Research Press Release

ウイルス学:インフルエンザ薬を転用して、フェレットでのSARS-CoV-2の伝播を阻害する

Nature Microbiology

2020年12月3日

フェレットにおいて、リパーパシングされたインフルエンザ薬が、上気道の重症急性呼吸器症候群コロナウイルス2(SARS-CoV-2)量を減少させてウイルス伝播を抑制できることを示唆する報告がNature Microbiology に掲載される。これらの知見は、現在COVID-19の治療薬として第II/III相臨床試験が行われているMK-4482/EIDD-2801が、SARS-CoV-2の市中感染を抑えるために使用できる可能性を示している。

レムデシビルや回復期患者の血清といった現在のCOVID-19治療法は、経口投与ができないため、市中感染の制御には適していない。MK-4482/EIDD-2801は経口投与が可能であり、インフルエンザの伝播を防ぐことが、モルモットモデルで明らかになっている。フェレットは、SARS-CoV-2を効率よく伝播するが発現する臨床症状は最小限であり、これは若い成人感染者の場合とよく似ているため、SARS-CoV-2の研究に適した良いモデルである。
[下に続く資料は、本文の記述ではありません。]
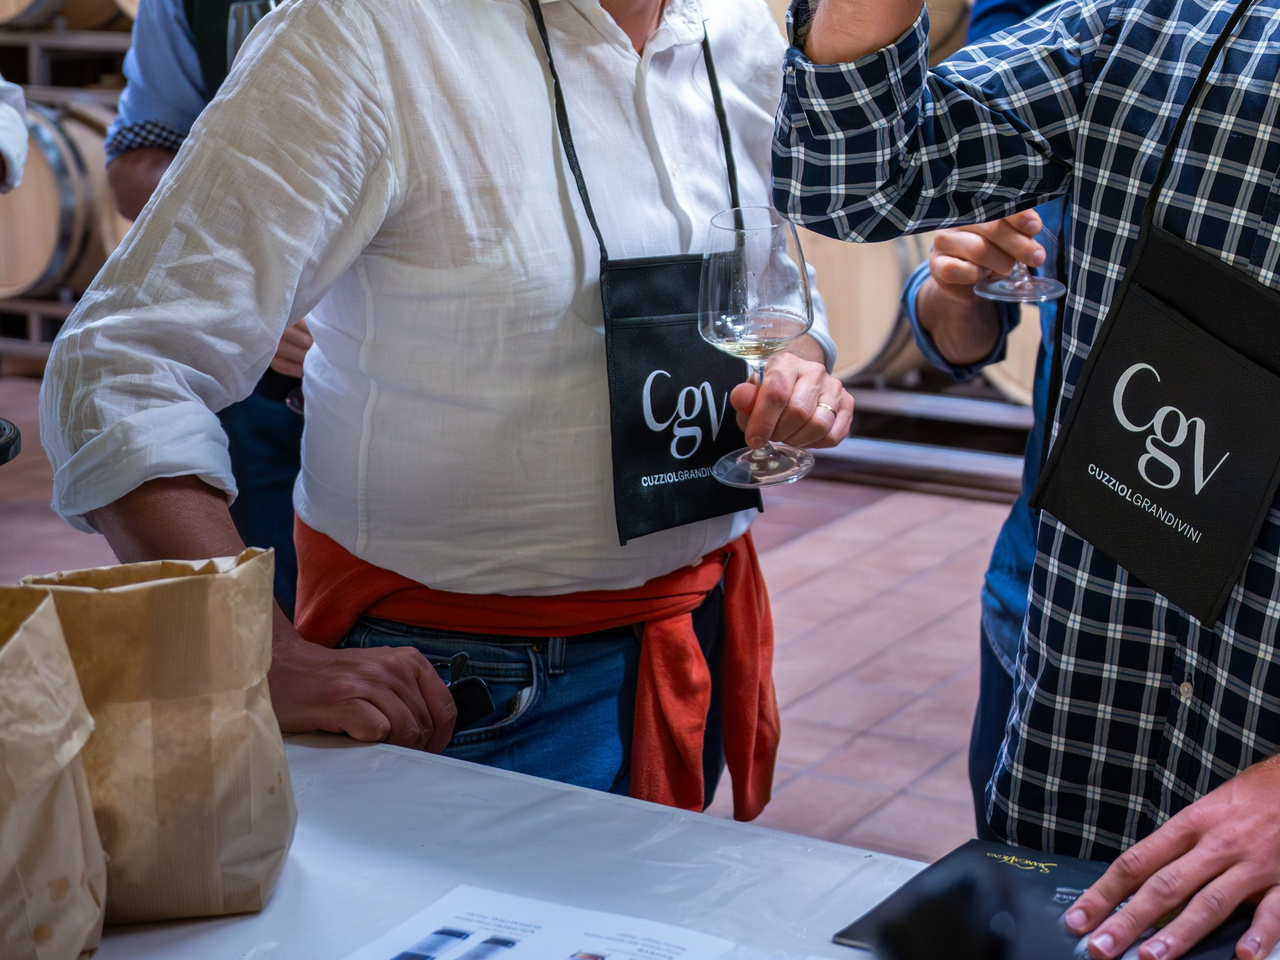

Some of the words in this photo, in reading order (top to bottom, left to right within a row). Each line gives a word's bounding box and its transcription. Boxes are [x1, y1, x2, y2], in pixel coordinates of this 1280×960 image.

[1112, 362, 1230, 496] Cgv
[641, 466, 713, 487] CUZZIOLGRANDI
[1087, 463, 1203, 544] CUZZIOLGRANDIVINI
今回、Richard Plemperたちは、フェレット3匹ずつを4組にしてSARS-CoV-2を感染させた。そしてこれらのフェレットに、感染の12時間後から体重1 kg当たり5 mg、または15 mgのMK-4482/EIDD-2801を1日2回、あるいは感染の36時間後から体重1 kg当たり15 mgのMK-4482/EIDD-2801を1日2回投与した。MK-4482/EIDD-2801を投与したフェレットでは上気道のSARS-CoV-2量が大幅に減少したのに対し、対照群では感染から3.5日後でも鼻甲介(空気の通り道)にウイルスが検出され、研究終了時まで感染が持続した。SARS-CoV-2のRNAは全てのフェレットの鼻腔組織から検出されたが、MK-4482/EIDD-2801投与群ではRNA量が有意に減少していた。

また著者たちは、MK-4482/EIDD-2801がSARS-CoV-2の伝播を抑制できるかについても検証した。3匹のフェレット2組にSARS-CoV-2を感染させ、1組には感染12時間後にMK-4482/EIDD-2801を投与した。感染から30時間後に、感染フェレットを1匹ずつにして、それぞれSARS-CoV-2未感染の2匹のフェレットと3日間一緒に飼育した。3日後、MK-4482/EIDD-2801を投与したフェレットと一緒に収容していた未感染フェレットからは、鼻腔組織も含め感染性のSARS-CoV-2粒子は検出されなかった。対照的に、MK-4482/EIDD-2801を投与しなかったフェレットと一緒に飼育した未感染フェレット全てに、SARS-CoV-2が広がっていた。これらのフェレットは24時間後に感染性のウイルス粒子を産生し始め、研究終了時には感染性のピークに到達しようとしていた。

ただし著者たちは、MK-4482/EIDD-2801の抗ウイルス作用はヒトではまだ明らかになっていないと注意を促している。しかし、今回の知見は、MK-4482/EIDD-2801にSARS-CoV-2の伝播を阻止する効果がある可能性を示している。